## WHAT IS EXPECTED
Nothing should be left out: write out the whole listing exactly.
### RECORD EXTRACTS ###
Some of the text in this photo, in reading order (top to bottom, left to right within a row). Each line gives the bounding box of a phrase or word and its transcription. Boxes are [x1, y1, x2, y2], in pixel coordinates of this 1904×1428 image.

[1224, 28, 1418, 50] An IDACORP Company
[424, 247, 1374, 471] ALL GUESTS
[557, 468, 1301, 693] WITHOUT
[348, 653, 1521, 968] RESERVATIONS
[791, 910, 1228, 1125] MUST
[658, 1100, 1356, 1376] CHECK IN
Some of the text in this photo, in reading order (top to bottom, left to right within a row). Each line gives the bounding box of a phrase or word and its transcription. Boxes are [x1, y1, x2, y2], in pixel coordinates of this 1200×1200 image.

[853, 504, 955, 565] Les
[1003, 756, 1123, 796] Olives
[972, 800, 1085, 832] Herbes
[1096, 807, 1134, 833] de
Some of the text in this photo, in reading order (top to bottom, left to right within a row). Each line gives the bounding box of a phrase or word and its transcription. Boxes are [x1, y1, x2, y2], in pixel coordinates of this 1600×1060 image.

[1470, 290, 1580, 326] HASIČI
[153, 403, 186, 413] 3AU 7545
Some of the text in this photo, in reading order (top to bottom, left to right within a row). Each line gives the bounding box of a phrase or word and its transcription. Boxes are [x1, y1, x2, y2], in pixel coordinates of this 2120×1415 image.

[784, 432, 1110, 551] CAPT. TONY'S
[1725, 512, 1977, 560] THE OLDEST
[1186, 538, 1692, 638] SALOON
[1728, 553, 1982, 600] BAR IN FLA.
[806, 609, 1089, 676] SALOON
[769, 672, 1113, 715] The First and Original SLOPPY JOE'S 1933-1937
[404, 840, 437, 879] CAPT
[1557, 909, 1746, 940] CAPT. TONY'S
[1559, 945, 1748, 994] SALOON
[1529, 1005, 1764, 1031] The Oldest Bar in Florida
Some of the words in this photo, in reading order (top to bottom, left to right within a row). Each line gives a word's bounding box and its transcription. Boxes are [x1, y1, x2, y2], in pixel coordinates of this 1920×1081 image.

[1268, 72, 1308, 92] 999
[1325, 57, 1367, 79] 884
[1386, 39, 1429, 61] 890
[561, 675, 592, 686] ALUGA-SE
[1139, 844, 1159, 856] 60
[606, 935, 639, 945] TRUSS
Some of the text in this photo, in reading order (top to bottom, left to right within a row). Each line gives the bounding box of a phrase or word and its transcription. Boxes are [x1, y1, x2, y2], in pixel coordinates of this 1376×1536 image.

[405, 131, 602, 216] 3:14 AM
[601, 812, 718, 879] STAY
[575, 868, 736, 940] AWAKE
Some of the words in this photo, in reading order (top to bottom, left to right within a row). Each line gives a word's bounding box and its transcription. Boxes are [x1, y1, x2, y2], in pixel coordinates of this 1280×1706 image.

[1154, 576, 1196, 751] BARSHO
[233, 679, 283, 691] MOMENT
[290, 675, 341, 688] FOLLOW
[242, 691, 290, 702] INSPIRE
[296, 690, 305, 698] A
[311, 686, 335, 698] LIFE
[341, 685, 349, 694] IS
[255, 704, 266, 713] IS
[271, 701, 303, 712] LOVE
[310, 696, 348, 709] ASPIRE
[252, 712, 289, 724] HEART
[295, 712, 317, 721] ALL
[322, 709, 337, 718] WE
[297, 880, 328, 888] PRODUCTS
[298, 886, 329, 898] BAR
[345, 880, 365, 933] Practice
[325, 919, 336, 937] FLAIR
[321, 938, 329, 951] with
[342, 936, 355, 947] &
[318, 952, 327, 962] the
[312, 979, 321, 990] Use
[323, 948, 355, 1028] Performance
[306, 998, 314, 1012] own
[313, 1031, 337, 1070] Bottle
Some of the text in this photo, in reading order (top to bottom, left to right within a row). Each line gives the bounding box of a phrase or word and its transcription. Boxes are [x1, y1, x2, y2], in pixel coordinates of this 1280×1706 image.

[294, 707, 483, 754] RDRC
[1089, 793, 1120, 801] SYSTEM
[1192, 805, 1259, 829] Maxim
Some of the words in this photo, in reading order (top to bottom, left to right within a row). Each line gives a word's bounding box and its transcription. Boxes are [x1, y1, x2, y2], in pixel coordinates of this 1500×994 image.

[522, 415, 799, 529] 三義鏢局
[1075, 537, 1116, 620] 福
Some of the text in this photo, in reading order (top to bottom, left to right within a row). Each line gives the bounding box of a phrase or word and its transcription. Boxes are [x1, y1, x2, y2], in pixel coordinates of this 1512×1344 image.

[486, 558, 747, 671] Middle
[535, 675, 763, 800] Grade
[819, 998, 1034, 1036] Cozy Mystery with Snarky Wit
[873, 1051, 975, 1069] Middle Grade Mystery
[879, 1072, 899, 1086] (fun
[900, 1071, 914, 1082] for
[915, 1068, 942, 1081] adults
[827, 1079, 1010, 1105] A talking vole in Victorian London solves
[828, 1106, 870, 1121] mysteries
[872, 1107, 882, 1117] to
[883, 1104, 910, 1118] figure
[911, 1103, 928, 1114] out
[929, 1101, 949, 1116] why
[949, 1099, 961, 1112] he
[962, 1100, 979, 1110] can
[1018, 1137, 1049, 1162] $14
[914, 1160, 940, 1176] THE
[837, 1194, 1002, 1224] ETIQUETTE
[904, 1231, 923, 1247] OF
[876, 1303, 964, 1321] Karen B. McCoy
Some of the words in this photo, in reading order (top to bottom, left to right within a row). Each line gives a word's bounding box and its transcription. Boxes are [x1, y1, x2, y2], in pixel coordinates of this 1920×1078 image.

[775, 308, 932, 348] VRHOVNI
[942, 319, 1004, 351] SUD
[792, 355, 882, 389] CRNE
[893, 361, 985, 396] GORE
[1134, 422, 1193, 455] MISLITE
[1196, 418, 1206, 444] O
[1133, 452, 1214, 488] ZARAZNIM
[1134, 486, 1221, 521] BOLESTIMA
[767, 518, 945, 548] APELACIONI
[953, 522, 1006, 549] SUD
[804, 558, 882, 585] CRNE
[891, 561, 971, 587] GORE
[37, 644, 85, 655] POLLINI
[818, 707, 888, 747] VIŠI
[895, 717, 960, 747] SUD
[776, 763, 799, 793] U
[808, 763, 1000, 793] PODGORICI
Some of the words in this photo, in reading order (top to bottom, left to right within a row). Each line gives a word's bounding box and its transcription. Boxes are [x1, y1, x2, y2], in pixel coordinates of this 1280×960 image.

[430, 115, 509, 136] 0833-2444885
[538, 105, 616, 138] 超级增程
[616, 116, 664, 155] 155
###
## FINISHED TASK
Some of the text in this photo, in reading order (top to bottom, left to right within a row). Each line gives the bounding box of a phrase or word and its transcription. Boxes are [x1, y1, x2, y2], in pixel coordinates of this 1904×1428 image.

[1224, 28, 1418, 50] An IDACORP Company
[424, 247, 1374, 471] ALL GUESTS
[557, 468, 1301, 693] WITHOUT
[348, 653, 1521, 968] RESERVATIONS
[791, 910, 1228, 1125] MUST
[658, 1100, 1356, 1376] CHECK IN
Some of the text in this photo, in reading order (top to bottom, left to right within a row). Each line gives the bounding box of a phrase or word and its transcription. Boxes are [x1, y1, x2, y2], in pixel coordinates of this 1200×1200 image.

[853, 504, 955, 565] Les
[1003, 756, 1123, 796] Olives
[972, 800, 1085, 832] Herbes
[1096, 807, 1134, 833] de
Some of the text in this photo, in reading order (top to bottom, left to right within a row). Each line gives the bounding box of a phrase or word and its transcription. Boxes are [x1, y1, x2, y2], in pixel coordinates of this 1600×1060 image.

[1470, 290, 1580, 326] HASIČI
[153, 403, 186, 413] 3AU 7545
Some of the text in this photo, in reading order (top to bottom, left to right within a row). Each line gives the bounding box of a phrase or word and its transcription. Boxes are [x1, y1, x2, y2], in pixel coordinates of this 2120×1415 image.

[784, 432, 1110, 551] CAPT. TONY'S
[1725, 512, 1977, 560] THE OLDEST
[1186, 538, 1692, 638] SALOON
[1728, 553, 1982, 600] BAR IN FLA.
[806, 609, 1089, 676] SALOON
[769, 672, 1113, 715] The First and Original SLOPPY JOE'S 1933-1937
[404, 840, 437, 879] CAPT
[1557, 909, 1746, 940] CAPT. TONY'S
[1559, 945, 1748, 994] SALOON
[1529, 1005, 1764, 1031] The Oldest Bar in Florida
Some of the words in this photo, in reading order (top to bottom, left to right within a row). Each line gives a word's bounding box and its transcription. Boxes are [x1, y1, x2, y2], in pixel coordinates of this 1920×1081 image.

[1268, 72, 1308, 92] 999
[1325, 57, 1367, 79] 884
[1386, 39, 1429, 61] 890
[561, 675, 592, 686] ALUGA-SE
[1139, 844, 1159, 856] 60
[606, 935, 639, 945] TRUSS
Some of the text in this photo, in reading order (top to bottom, left to right within a row). Each line gives the bounding box of a phrase or word and its transcription. Boxes are [x1, y1, x2, y2], in pixel coordinates of this 1376×1536 image.

[405, 131, 602, 216] 3:14 AM
[601, 812, 718, 879] STAY
[575, 868, 736, 940] AWAKE
Some of the words in this photo, in reading order (top to bottom, left to right within a row). Each line gives a word's bounding box and its transcription. Boxes are [x1, y1, x2, y2], in pixel coordinates of this 1280×1706 image.

[1154, 576, 1196, 751] BARSHO
[233, 679, 283, 691] MOMENT
[290, 675, 341, 688] FOLLOW
[242, 691, 290, 702] INSPIRE
[296, 690, 305, 698] A
[311, 686, 335, 698] LIFE
[341, 685, 349, 694] IS
[255, 704, 266, 713] IS
[271, 701, 303, 712] LOVE
[310, 696, 348, 709] ASPIRE
[252, 712, 289, 724] HEART
[295, 712, 317, 721] ALL
[322, 709, 337, 718] WE
[297, 880, 328, 888] PRODUCTS
[298, 886, 329, 898] BAR
[345, 880, 365, 933] Practice
[325, 919, 336, 937] FLAIR
[321, 938, 329, 951] with
[342, 936, 355, 947] &
[318, 952, 327, 962] the
[312, 979, 321, 990] Use
[323, 948, 355, 1028] Performance
[306, 998, 314, 1012] own
[313, 1031, 337, 1070] Bottle
Some of the text in this photo, in reading order (top to bottom, left to right within a row). Each line gives the bounding box of a phrase or word and its transcription. Boxes are [x1, y1, x2, y2], in pixel coordinates of this 1280×1706 image.

[294, 707, 483, 754] RDRC
[1089, 793, 1120, 801] SYSTEM
[1192, 805, 1259, 829] Maxim
Some of the words in this photo, in reading order (top to bottom, left to right within a row). Each line gives a word's bounding box and its transcription. Boxes are [x1, y1, x2, y2], in pixel coordinates of this 1500×994 image.

[522, 415, 799, 529] 三義鏢局
[1075, 537, 1116, 620] 福
Some of the text in this photo, in reading order (top to bottom, left to right within a row). Each line gives the bounding box of a phrase or word and its transcription. Boxes are [x1, y1, x2, y2], in pixel coordinates of this 1512×1344 image.

[486, 558, 747, 671] Middle
[535, 675, 763, 800] Grade
[819, 998, 1034, 1036] Cozy Mystery with Snarky Wit
[873, 1051, 975, 1069] Middle Grade Mystery
[879, 1072, 899, 1086] (fun
[900, 1071, 914, 1082] for
[915, 1068, 942, 1081] adults
[827, 1079, 1010, 1105] A talking vole in Victorian London solves
[828, 1106, 870, 1121] mysteries
[872, 1107, 882, 1117] to
[883, 1104, 910, 1118] figure
[911, 1103, 928, 1114] out
[929, 1101, 949, 1116] why
[949, 1099, 961, 1112] he
[962, 1100, 979, 1110] can
[1018, 1137, 1049, 1162] $14
[914, 1160, 940, 1176] THE
[837, 1194, 1002, 1224] ETIQUETTE
[904, 1231, 923, 1247] OF
[876, 1303, 964, 1321] Karen B. McCoy
Some of the words in this photo, in reading order (top to bottom, left to right within a row). Each line gives a word's bounding box and its transcription. Boxes are [x1, y1, x2, y2], in pixel coordinates of this 1920×1078 image.

[775, 308, 932, 348] VRHOVNI
[942, 319, 1004, 351] SUD
[792, 355, 882, 389] CRNE
[893, 361, 985, 396] GORE
[1134, 422, 1193, 455] MISLITE
[1196, 418, 1206, 444] O
[1133, 452, 1214, 488] ZARAZNIM
[1134, 486, 1221, 521] BOLESTIMA
[767, 518, 945, 548] APELACIONI
[953, 522, 1006, 549] SUD
[804, 558, 882, 585] CRNE
[891, 561, 971, 587] GORE
[37, 644, 85, 655] POLLINI
[818, 707, 888, 747] VIŠI
[895, 717, 960, 747] SUD
[776, 763, 799, 793] U
[808, 763, 1000, 793] PODGORICI
Some of the words in this photo, in reading order (top to bottom, left to right within a row). Each line gives a word's bounding box and its transcription. Boxes are [x1, y1, x2, y2], in pixel coordinates of this 1280×960 image.

[430, 115, 509, 136] 0833-2444885
[538, 105, 616, 138] 超级增程
[616, 116, 664, 155] 155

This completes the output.